◆ **What the task requires**:
Copy every entry word for word. Skip the pictures.

Records for this exercise below:

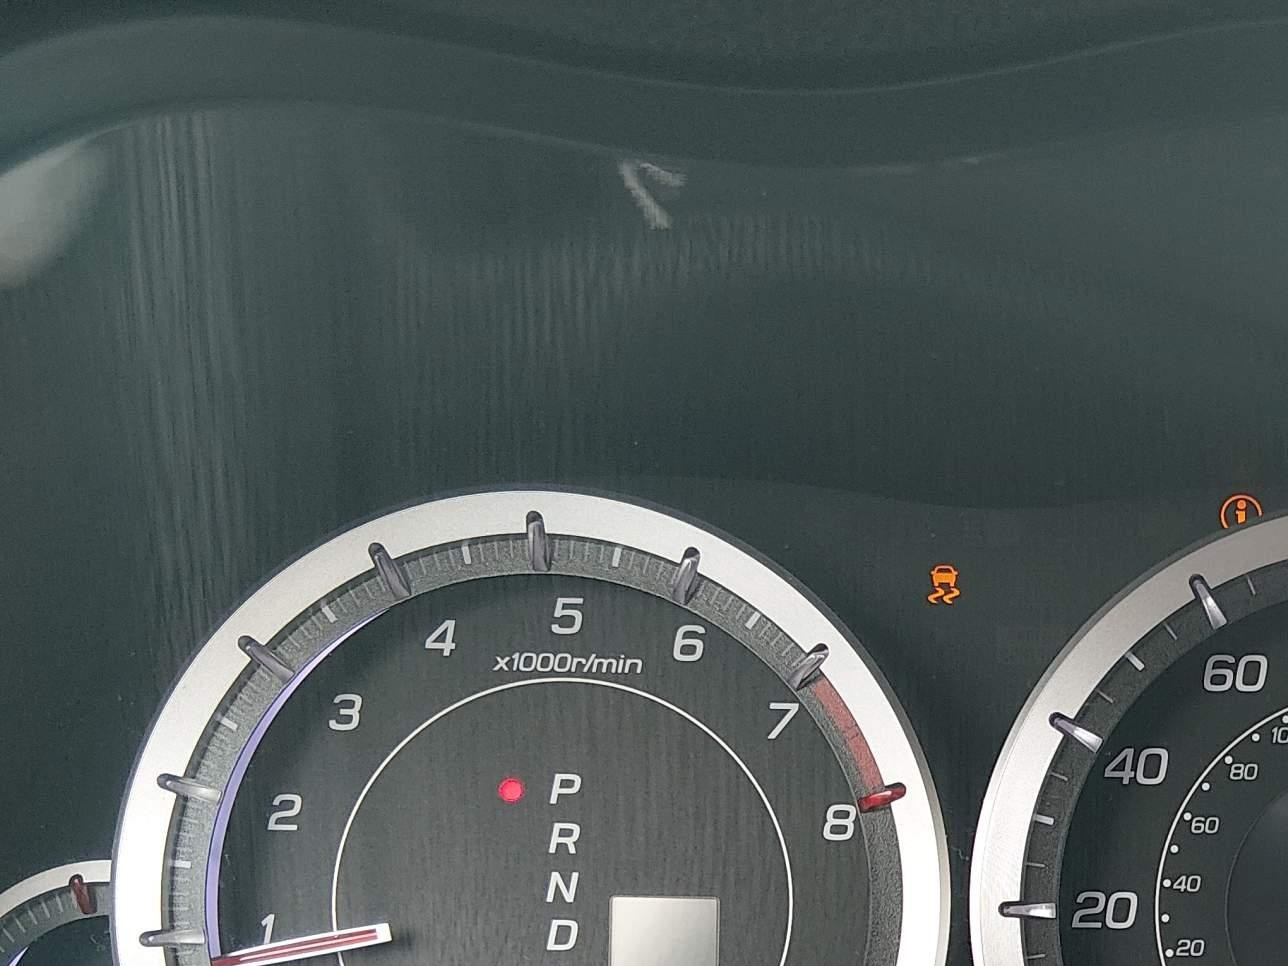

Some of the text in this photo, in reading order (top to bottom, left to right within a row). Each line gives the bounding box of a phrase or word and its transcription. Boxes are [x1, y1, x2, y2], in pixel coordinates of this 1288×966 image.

[551, 597, 583, 634] 5
[425, 619, 456, 656] 4
[673, 625, 705, 662] 6
[493, 653, 643, 674] x1000r/min
[1203, 655, 1268, 692] 60
[328, 693, 363, 731] 3
[767, 702, 800, 739] 7
[1104, 747, 1169, 785] 40
[1229, 763, 1258, 780] 80
[549, 773, 582, 804] P
[267, 793, 302, 831] 2
[822, 804, 857, 841] 8
[1190, 816, 1219, 834] 60
[548, 823, 580, 854] R
[545, 872, 579, 903] N
[1173, 875, 1202, 892] 40
[1071, 891, 1138, 929] 20
[546, 919, 579, 951] D
[1175, 939, 1205, 956] 20
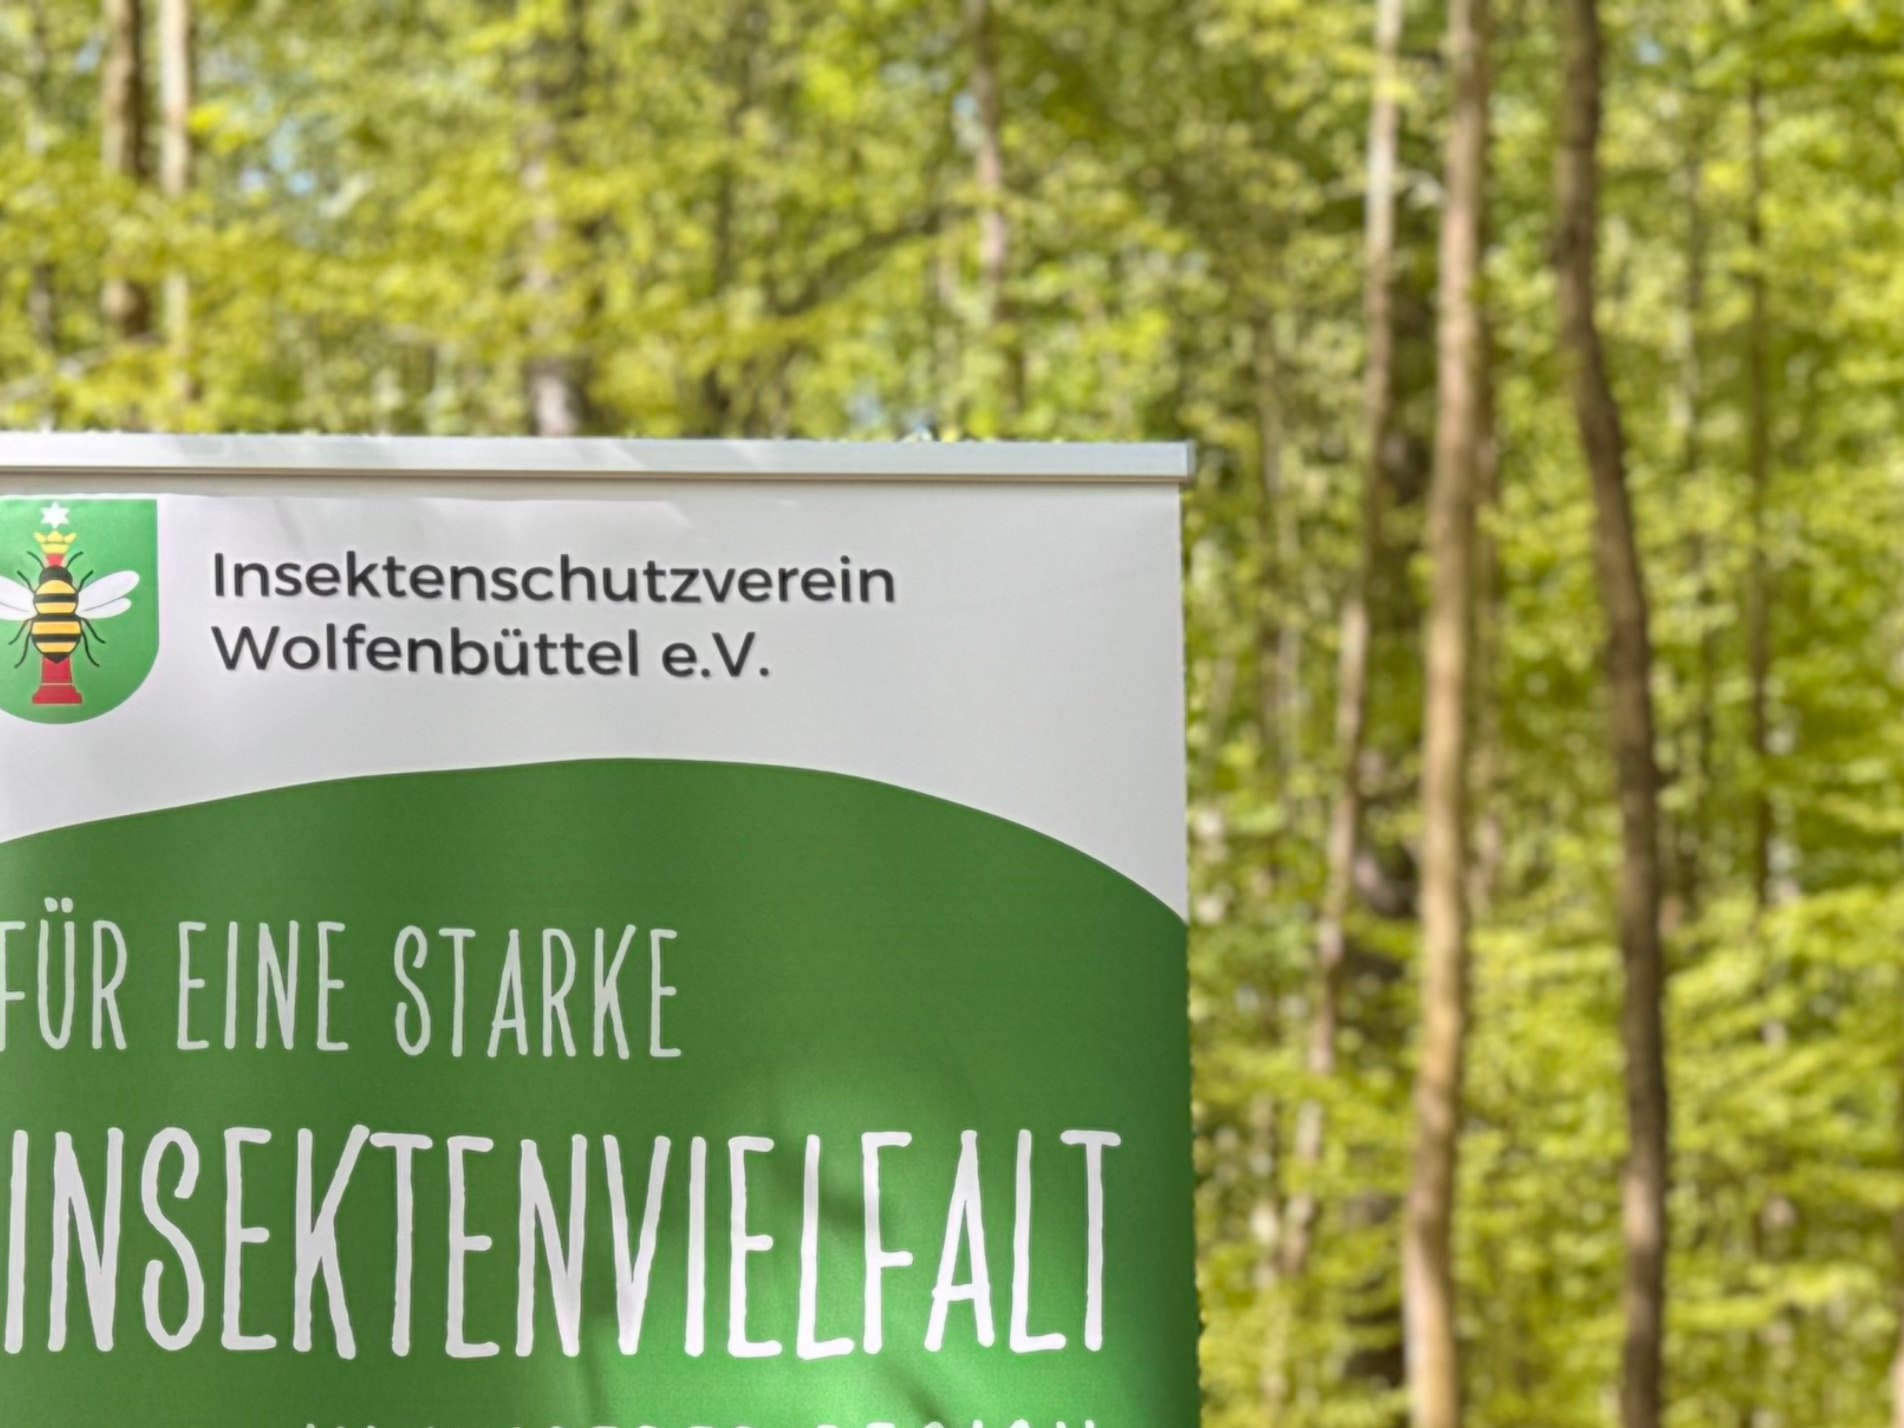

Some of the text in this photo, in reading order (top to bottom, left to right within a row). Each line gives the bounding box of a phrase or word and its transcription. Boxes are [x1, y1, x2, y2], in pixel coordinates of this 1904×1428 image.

[214, 550, 896, 604] Insektenschutzverein
[210, 622, 770, 679] Wolfenbüttel e.V.
[176, 919, 350, 1052] EINE
[393, 923, 683, 1061] STARKE
[3, 1123, 1123, 1362] INSEKTENVIELFALT

End of Records for this exercise.

◆ **Answer below**:
Some of the text in this photo, in reading order (top to bottom, left to right within a row). Each line gives the bounding box of a phrase or word and its transcription. Boxes are [x1, y1, x2, y2], in pixel coordinates of this 1288×966 image.

[551, 597, 583, 634] 5
[425, 619, 456, 656] 4
[673, 625, 705, 662] 6
[493, 653, 643, 674] x1000r/min
[1203, 655, 1268, 692] 60
[328, 693, 363, 731] 3
[767, 702, 800, 739] 7
[1104, 747, 1169, 785] 40
[1229, 763, 1258, 780] 80
[549, 773, 582, 804] P
[267, 793, 302, 831] 2
[822, 804, 857, 841] 8
[1190, 816, 1219, 834] 60
[548, 823, 580, 854] R
[545, 872, 579, 903] N
[1173, 875, 1202, 892] 40
[1071, 891, 1138, 929] 20
[546, 919, 579, 951] D
[1175, 939, 1205, 956] 20

Some of the text in this photo, in reading order (top to bottom, left to right within a row). Each line gives the bounding box of a phrase or word and its transcription. Boxes are [x1, y1, x2, y2], in pixel coordinates of this 1904×1428 image.

[214, 550, 896, 604] Insektenschutzverein
[210, 622, 770, 679] Wolfenbüttel e.V.
[176, 919, 350, 1052] EINE
[393, 923, 683, 1061] STARKE
[3, 1123, 1123, 1362] INSEKTENVIELFALT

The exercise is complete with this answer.